The Central Bank of Nigeria (CBN) saw an oversubscription at the Nigerian Treasury Bill auction on Wednesday, as liquidity floods the market.
A total of NGN550 billion was offered across the three maturities – N50 billion in 91-day bills, N100.00bn in 182-day bills, and N400 billion in 364-day bills.
Demand for the government securities was double the offer, though total subscriptions fell to N1.08 trillion from N1.53 trillion at the prior auction.
This led to yields remaining unchanged across the tenors except for a slight increase to 24.41 percent from 24.36 percent on the 365-day bill.
Yields have hovered around the same level over the last four auctions.

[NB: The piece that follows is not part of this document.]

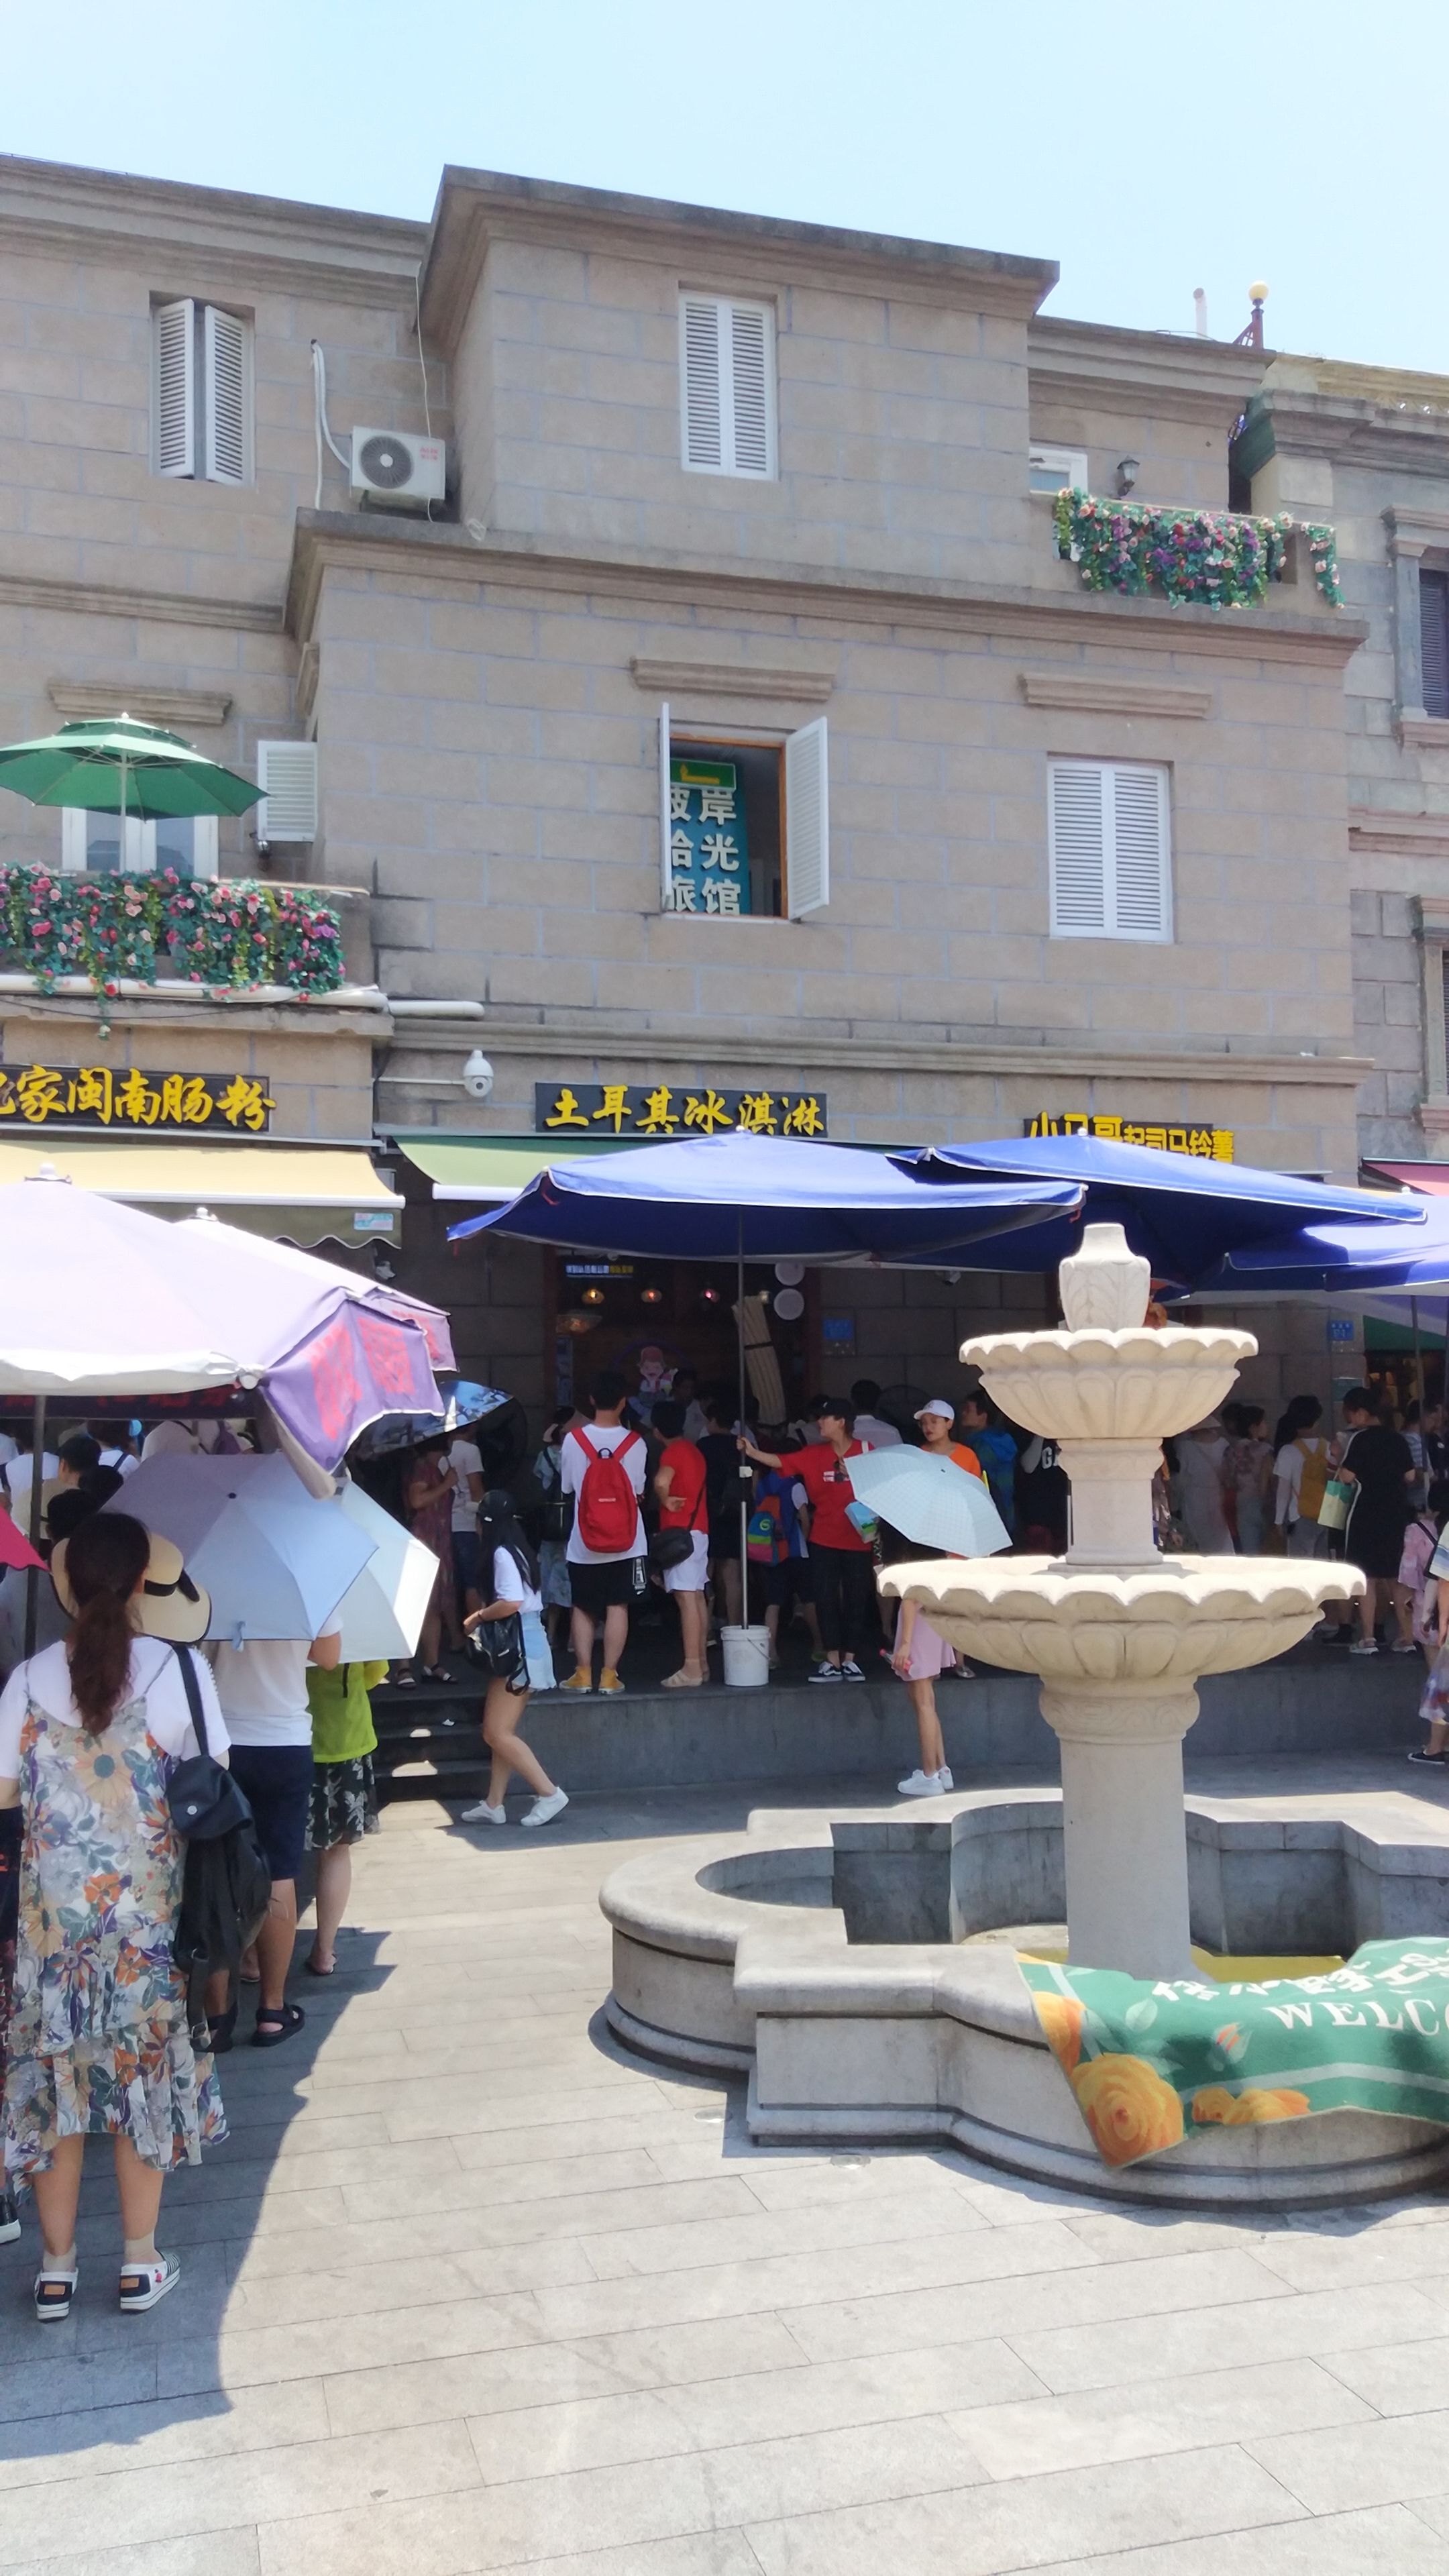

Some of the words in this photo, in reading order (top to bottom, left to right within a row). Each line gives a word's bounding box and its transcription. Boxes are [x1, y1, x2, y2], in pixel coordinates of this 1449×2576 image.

[672, 875, 741, 915] 旅馆
[545, 1084, 824, 1136] 土耳其冰淇淋
[1262, 1998, 1449, 2036] WELC

The 181-day and 90-day yields remained unchanged on Wednesday at 20.38 percent and 18.85 percent, respectively.
Matilda Adefalujo, a fixed-income analyst at Meristem stated in a report projected rates to remain stable across the three maturities, with a slight downward bias.
Read also: Rate cut uncertainty, tariff wars spark demand for 91-day NT-bills
“This outlook is supported by robust system liquidity. Furthermore, the government’s commitment to curbing borrowing costs and prevailing investor sentiment reinforce expectations of steady yields,” she said.
System liquidity was N1.21 trillion as of May 6, 2025, added to a maturing bills worth N287.98 billion together was more than triple the N550 billion on offer.
The CBN allotted N598.33 billion across the three maturities.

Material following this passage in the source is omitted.